Source data
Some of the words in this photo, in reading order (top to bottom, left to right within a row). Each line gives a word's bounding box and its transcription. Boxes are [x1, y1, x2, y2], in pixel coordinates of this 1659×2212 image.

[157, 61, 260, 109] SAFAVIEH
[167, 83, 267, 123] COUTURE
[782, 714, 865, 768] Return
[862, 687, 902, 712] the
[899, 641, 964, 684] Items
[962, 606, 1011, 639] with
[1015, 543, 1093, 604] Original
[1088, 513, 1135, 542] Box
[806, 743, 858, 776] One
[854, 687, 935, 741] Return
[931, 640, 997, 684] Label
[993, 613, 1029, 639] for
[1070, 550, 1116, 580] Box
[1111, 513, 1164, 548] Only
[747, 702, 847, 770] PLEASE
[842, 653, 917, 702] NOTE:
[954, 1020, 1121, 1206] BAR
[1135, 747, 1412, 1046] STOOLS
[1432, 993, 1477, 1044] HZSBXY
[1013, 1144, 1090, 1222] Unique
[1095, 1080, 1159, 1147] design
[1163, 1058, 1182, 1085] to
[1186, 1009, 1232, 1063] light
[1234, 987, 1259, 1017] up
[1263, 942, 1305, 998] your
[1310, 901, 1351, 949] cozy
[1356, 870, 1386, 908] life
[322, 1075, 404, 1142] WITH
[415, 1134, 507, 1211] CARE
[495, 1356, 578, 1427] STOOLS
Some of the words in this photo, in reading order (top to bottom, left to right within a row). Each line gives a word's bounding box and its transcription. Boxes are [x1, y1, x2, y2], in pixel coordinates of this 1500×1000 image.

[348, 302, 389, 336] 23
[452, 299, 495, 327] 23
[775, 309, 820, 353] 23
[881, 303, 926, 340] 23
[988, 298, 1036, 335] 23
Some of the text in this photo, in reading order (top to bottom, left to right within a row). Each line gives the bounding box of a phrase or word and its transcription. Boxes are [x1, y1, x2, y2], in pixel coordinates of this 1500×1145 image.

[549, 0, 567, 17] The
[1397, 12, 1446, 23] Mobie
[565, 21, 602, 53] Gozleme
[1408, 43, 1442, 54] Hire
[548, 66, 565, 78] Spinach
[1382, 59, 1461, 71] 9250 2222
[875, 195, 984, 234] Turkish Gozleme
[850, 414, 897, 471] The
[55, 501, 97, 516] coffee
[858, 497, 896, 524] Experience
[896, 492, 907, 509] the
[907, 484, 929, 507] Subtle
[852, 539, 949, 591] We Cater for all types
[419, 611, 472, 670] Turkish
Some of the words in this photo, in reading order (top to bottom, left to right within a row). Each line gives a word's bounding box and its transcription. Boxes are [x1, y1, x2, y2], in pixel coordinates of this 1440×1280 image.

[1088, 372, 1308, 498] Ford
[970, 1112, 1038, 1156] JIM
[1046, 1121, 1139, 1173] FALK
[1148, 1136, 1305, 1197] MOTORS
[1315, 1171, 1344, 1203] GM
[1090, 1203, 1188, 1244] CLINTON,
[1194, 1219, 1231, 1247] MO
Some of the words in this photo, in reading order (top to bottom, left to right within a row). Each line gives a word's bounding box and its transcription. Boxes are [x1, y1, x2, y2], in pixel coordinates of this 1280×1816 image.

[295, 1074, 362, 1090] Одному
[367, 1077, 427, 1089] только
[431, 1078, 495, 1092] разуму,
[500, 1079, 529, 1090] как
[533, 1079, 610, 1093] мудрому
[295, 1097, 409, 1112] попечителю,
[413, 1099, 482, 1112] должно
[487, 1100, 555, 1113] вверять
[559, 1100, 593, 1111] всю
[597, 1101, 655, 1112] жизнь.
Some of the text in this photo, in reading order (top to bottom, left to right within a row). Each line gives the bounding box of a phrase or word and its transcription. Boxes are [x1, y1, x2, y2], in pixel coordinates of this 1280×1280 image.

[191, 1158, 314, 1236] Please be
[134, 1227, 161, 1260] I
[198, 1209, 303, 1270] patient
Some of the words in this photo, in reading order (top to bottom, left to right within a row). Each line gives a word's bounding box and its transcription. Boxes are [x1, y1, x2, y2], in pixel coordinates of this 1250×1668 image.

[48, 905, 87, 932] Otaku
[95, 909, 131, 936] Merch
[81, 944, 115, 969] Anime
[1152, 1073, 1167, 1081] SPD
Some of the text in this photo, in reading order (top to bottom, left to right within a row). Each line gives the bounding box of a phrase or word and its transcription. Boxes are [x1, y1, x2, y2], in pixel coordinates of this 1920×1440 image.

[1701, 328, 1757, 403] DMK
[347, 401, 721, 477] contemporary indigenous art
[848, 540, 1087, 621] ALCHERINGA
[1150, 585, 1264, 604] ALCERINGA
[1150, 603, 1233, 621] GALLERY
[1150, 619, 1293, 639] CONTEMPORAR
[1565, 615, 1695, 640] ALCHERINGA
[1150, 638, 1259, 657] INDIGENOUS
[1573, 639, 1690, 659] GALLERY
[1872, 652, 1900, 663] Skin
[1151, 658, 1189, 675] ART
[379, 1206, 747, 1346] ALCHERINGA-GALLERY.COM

- **WHAT NEEDS TO BE DONE**
Keep only the lines from the line with "this 1280×1816 image." to the end of the records above, and repeat them exactly.

- **WRITTEN REPLY**
Some of the words in this photo, in reading order (top to bottom, left to right within a row). Each line gives a word's bounding box and its transcription. Boxes are [x1, y1, x2, y2], in pixel coordinates of this 1280×1816 image.

[295, 1074, 362, 1090] Одному
[367, 1077, 427, 1089] только
[431, 1078, 495, 1092] разуму,
[500, 1079, 529, 1090] как
[533, 1079, 610, 1093] мудрому
[295, 1097, 409, 1112] попечителю,
[413, 1099, 482, 1112] должно
[487, 1100, 555, 1113] вверять
[559, 1100, 593, 1111] всю
[597, 1101, 655, 1112] жизнь.
Some of the text in this photo, in reading order (top to bottom, left to right within a row). Each line gives the bounding box of a phrase or word and its transcription. Boxes are [x1, y1, x2, y2], in pixel coordinates of this 1280×1280 image.

[191, 1158, 314, 1236] Please be
[134, 1227, 161, 1260] I
[198, 1209, 303, 1270] patient
Some of the words in this photo, in reading order (top to bottom, left to right within a row). Each line gives a word's bounding box and its transcription. Boxes are [x1, y1, x2, y2], in pixel coordinates of this 1250×1668 image.

[48, 905, 87, 932] Otaku
[95, 909, 131, 936] Merch
[81, 944, 115, 969] Anime
[1152, 1073, 1167, 1081] SPD
Some of the text in this photo, in reading order (top to bottom, left to right within a row). Each line gives the bounding box of a phrase or word and its transcription. Boxes are [x1, y1, x2, y2], in pixel coordinates of this 1920×1440 image.

[1701, 328, 1757, 403] DMK
[347, 401, 721, 477] contemporary indigenous art
[848, 540, 1087, 621] ALCHERINGA
[1150, 585, 1264, 604] ALCERINGA
[1150, 603, 1233, 621] GALLERY
[1150, 619, 1293, 639] CONTEMPORAR
[1565, 615, 1695, 640] ALCHERINGA
[1150, 638, 1259, 657] INDIGENOUS
[1573, 639, 1690, 659] GALLERY
[1872, 652, 1900, 663] Skin
[1151, 658, 1189, 675] ART
[379, 1206, 747, 1346] ALCHERINGA-GALLERY.COM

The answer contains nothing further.